CSD 1983, Mängel

Ohne Einheit, wenig Leute

Jede HA-Gruppe hatte das Motto "Gewalt gegen Schwule und Lesben - Schwule und Lesben gegen Gewalt" auf ihre Weise ausgelegt. Die Zürcher von der HAZ wollten die eigenen Reihen aufrütteln und setzten auf ihr Transparent "Mir mached müedi Manne mobil". Während die HABS mit "Arbeitsplatz statt Schwulenhatz" auf Gewalt im Job hinwies, "thematisierte Bern die Gewalt im homosexuellen Milieu".1

Diese Divergenz hatte ihren Ursprung in "Querelen im OK". Marco Lehre fuhr dazu fort:

"Die HALU wollte möglichst grossen Einfluss auf das Motto der Veranstaltung nehmen.
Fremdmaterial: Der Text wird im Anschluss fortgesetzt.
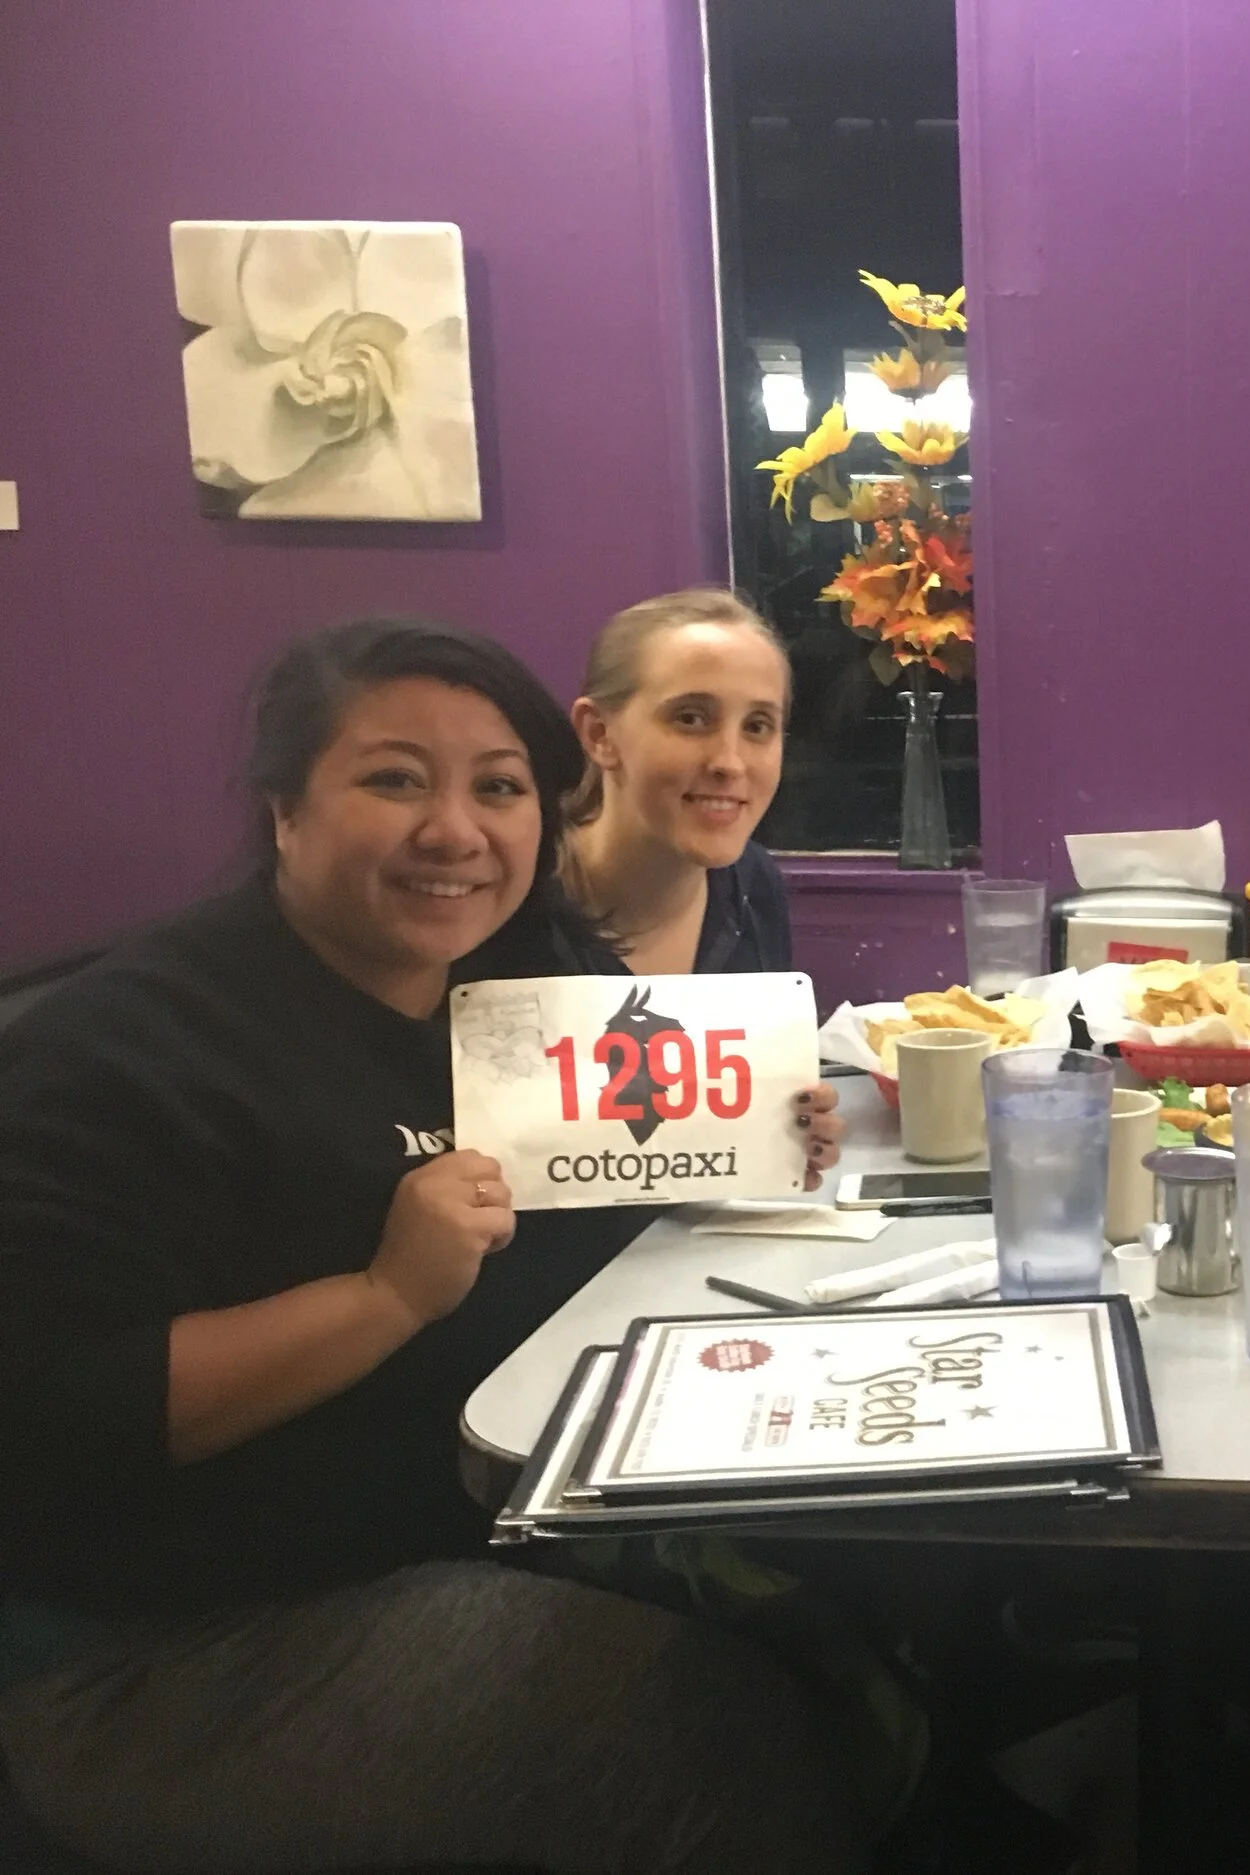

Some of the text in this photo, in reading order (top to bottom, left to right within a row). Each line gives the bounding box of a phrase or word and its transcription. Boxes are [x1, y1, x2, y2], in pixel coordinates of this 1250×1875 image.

[545, 1029, 752, 1121] 1295
[547, 1146, 738, 1190] cotopaxi
[906, 1332, 1004, 1390] Star
[808, 1398, 848, 1430] CAFE
[826, 1366, 947, 1447] Seeds
Sie schlugen vor: 'Es hat Platz für uns - nehmen wir ihn!' und setzten die anderen PartnerInnen gleichzeitig damit unter Druck, die Organisation der Demo abzulehnen, wenn diese auf ihrem Motto der Gewalt gegen Schwule und Lesben beharrten. Es fand sich dann ein Kompromiss. Das Thema der Gewalt wurde akzeptiert, aber den einzelnen Organisationen liess man eine grosse Freiheit in der Interpretation [...]. Logische Folge dieses Entscheides war, dass in der Vorwoche der Kundgebung jede einzelne Organisation zeitgleich zu einer eigenen Pressekonferenz in ihrer Stadt einlud."
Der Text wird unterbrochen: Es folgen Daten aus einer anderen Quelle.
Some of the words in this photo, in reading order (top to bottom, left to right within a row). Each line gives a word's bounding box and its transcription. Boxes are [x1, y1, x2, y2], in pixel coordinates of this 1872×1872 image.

Zugleich, die Zürcher sprachen es mit "müedi Manne" an, schien das Interesse an öffentlichen Manifestationen innerhalb der Community zu erlahmen:2

"Der HAB-Vorstand [Homosexuelle Arbeitsgruppen Bern] fand sich [...] zu einem Aufruf an all jene gezwungen, die 'keinen Sinn in der Demo sehen, die es blöd finden, als Schwule durch die Strassen zu ziehen und sich die Füsse wund zu laufen'. [...] Die Meinung der Berner hatte 1983 ein grosses Gewicht. Das politische schwullesbische Zentrum der Schweiz lag damals in Bern. Die HAB war die einzige Organisation, die ein regelmässiges Infoblatt herausgab. Auch bezüglich der Finanzen war Bern am potentesten."
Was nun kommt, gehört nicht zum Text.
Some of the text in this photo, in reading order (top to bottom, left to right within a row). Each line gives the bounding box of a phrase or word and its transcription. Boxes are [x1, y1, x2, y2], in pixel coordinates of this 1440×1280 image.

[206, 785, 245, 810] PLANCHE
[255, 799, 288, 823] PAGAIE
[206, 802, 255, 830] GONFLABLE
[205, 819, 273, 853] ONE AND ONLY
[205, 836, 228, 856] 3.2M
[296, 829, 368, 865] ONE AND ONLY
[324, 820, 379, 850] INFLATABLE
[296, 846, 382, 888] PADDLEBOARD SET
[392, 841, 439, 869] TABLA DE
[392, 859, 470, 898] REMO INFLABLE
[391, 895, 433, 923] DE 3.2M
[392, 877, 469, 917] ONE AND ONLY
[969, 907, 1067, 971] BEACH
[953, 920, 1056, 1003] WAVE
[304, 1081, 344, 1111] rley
Das galt für die in der HACH zusammengeschlossenen HA-Gruppierungen. Es galt aber zu jenem Zeitpunkt nicht für die SOH (Schweizerische Organisation der Homophilen) mit ihren politischen Aktionen, mit der Jugendgruppe Spot25, der Zeitschrift hey, ihrer Anzahl von Mitgliedern und der darauf gründenden soliden finanziellen Basis.

Unter diesen Umständen war es kaum verwunderlich, dass die Zahl der Beteiligten und Besucher auf weniger als die Hälfte zurückfiel, gemessen an den 1000 Leuten vor zwei Jahren in Lausanne. Diese geringe Beteiligung und:3

"das enttäuschende Medienecho führten zu Frust. Während das Luzerner CVP-Blatt Vaterland es schaffte, den Anlass vollständig zu ignorieren, gab sich das liberale Luzerner Tagblatt mit einer Agenturmeldung zufrieden. Einzig die unabhängigen Luzerner Neuste Nachrichten LNN würdigten die Demo mit fast zwei Seiten an redaktionellem Inhalt. Über 1000 Teilnehmende wurden erwartet, 500 (LNN) oder 300 (Tagblatt) seien gekommen. [...] Die HAB schlugen gar die Abschaffung der Demos und deren Ersetzung durch 'schwule Tage' mit Workshops und öffentlichen Podien vor."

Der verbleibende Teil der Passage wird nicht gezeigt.